Deterministic Behavior – given a set of circumstances, it should behave the same.
Verifiability and Transparency – the method (the source code) should be accessible for understanding (compare scientific method) and its binaries verifiable, i.e., it should be possible to verify that the entity actually follows the intended deterministic method (implying efforts like reproducible builds and bootstrappable builds).
Accountable – the entity should behave the same for everyone, and deviation should be possible prove in a way that is hard to deny, implying efforts such as Certificate Transparency and more generic checksum logs like Sigstore and Sigsum.

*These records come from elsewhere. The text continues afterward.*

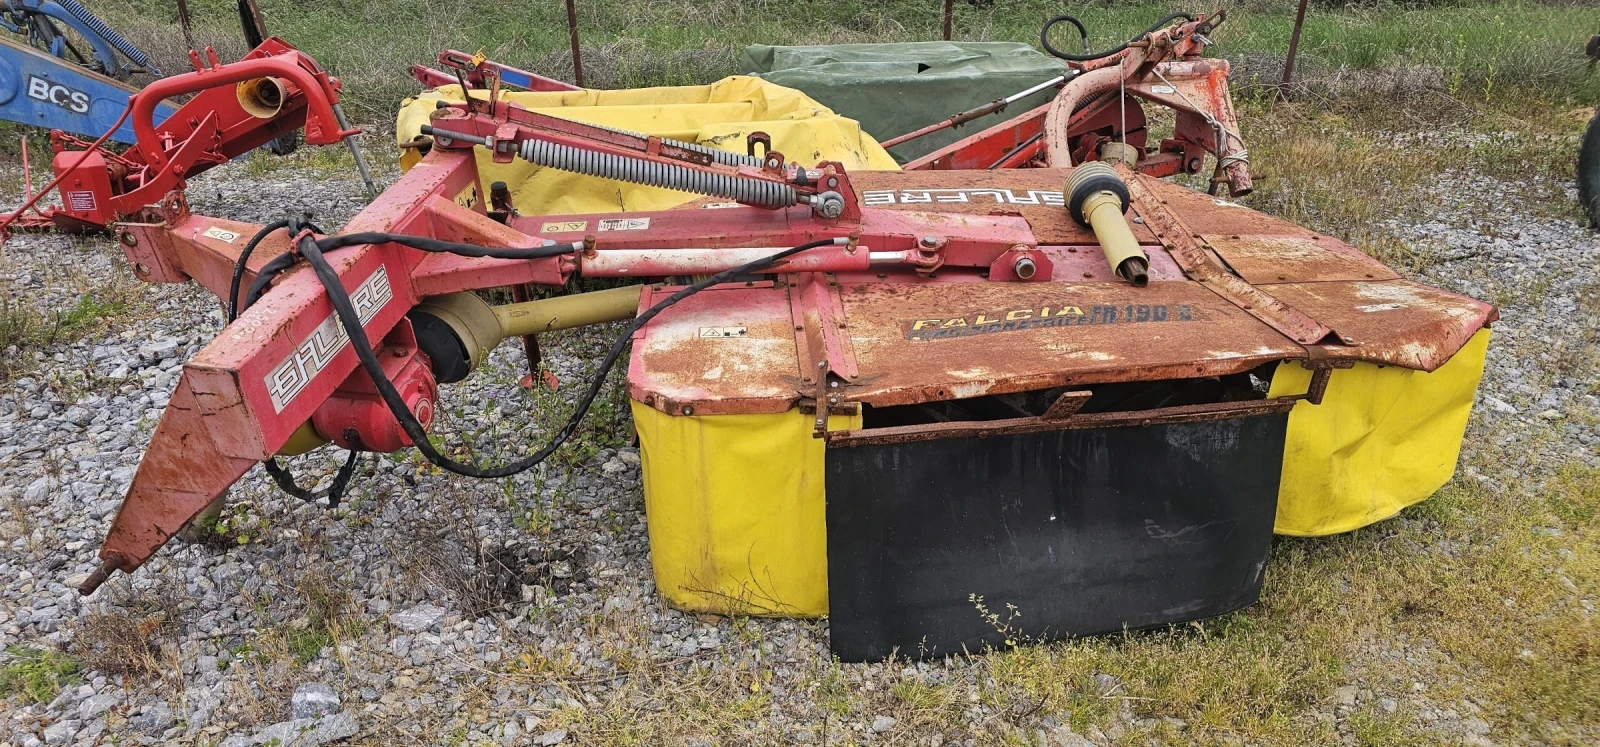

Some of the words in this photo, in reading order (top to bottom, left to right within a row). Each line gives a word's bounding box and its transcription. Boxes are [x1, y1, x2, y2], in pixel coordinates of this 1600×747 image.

[28, 76, 89, 113] BCS
[912, 305, 1085, 331] FALCIA
[1089, 304, 1117, 325] FR
[1125, 304, 1168, 322] 190
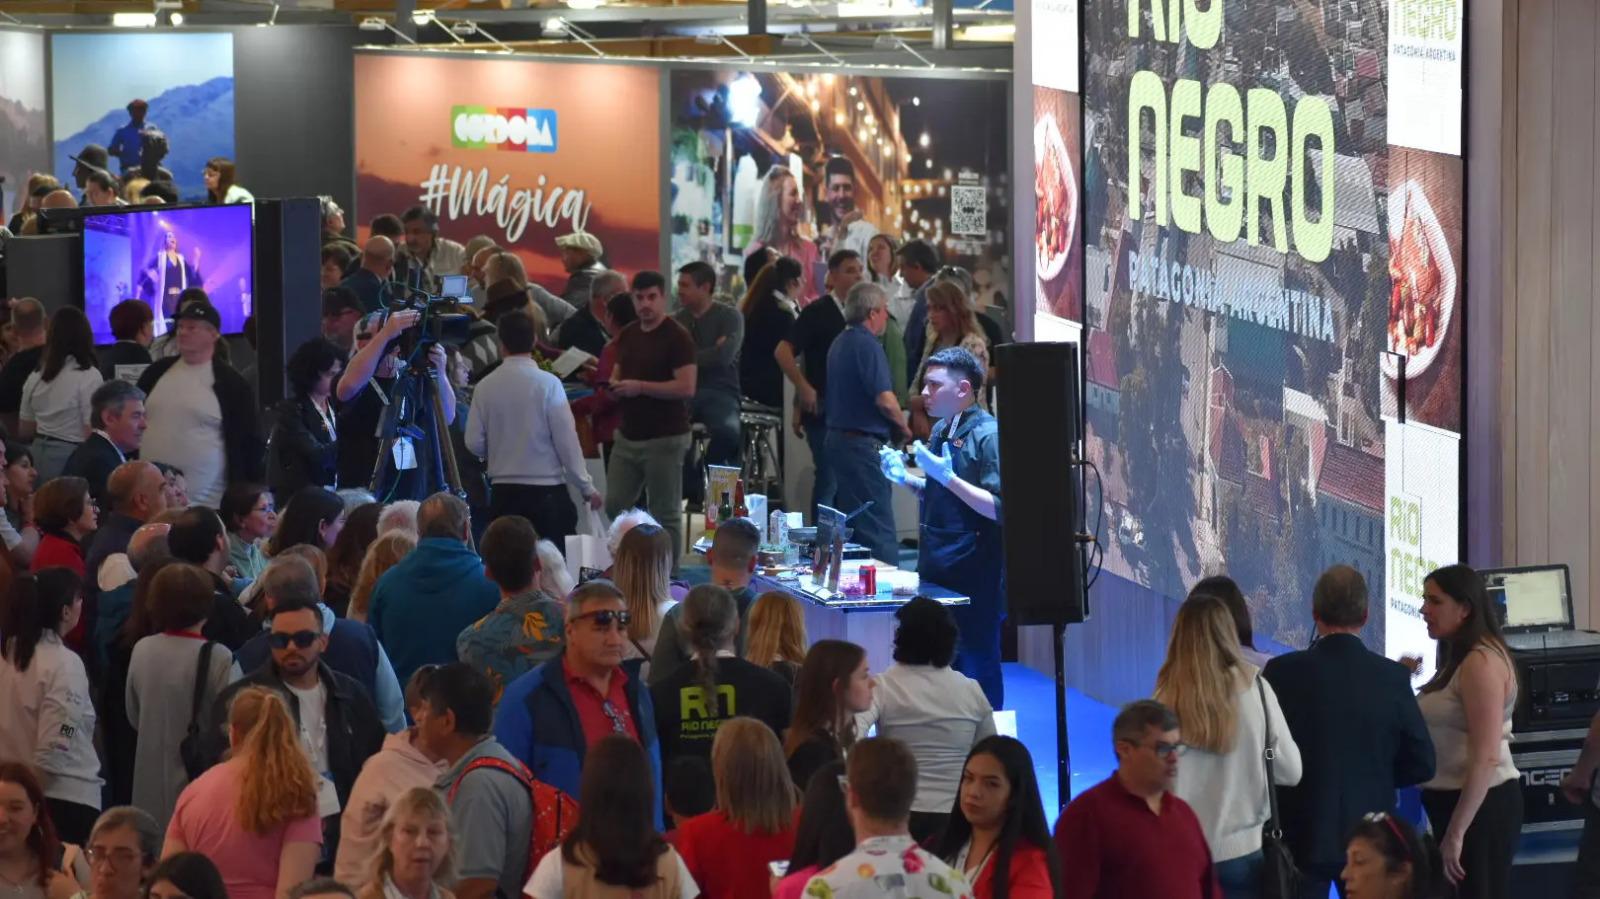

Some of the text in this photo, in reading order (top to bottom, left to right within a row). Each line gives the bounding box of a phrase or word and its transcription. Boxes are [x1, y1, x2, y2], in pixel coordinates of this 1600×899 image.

[1128, 70, 1335, 263] NEGRO
[419, 164, 592, 243] #Mágica
[1129, 250, 1226, 315] PATAGONIA
[1391, 547, 1439, 600] NEG

Liberating – the tools and documentation should be available as free software to enable you to replace the trusted entity if so desired. An entity that wants to restrict you from being able to replace the trusted entity is vulnerable to corruption and may stop acting trustworthy. This point of view reinforces that open source misses the point; it has become too common to use trademark laws to restrict re-use of open source software (e.g., firefox, chrome, rust).
Essentially, this boils down to: Trust, Verify and Hold Accountable. To put this dogma in perspective, it helps to understand that this approach may be harmful to human relationships (which could explain the social awkwardness of hackers), but it remains useful as a method to improve the design of computer systems, and a useful method to evaluate safety of computer systems. When a system fails some of the criteria above, we know we have more work to do to improve it.
How far have we come on this journey? Through earlier efforts, we are in a fairly good situation. Richard Stallman through GNU/FSF made us aware of the importance of free software, the Reproducible/Bootstrappable build projects made us aware of the importance of verifiability, and Certificate Transparency highlighted the need for accountable signature logs leading to efforts like Sigstore for software. None of these efforts would have seen the light of day unless people wrote free software and packaged them into distributions that we can use, and built hardware that we can run it on. While there certainly exists more work to be done on the software side, with the recent amazing full-source build of Guix based on a 357-byte hand-written seed, I believe that we are closing that loop on the software engineering side.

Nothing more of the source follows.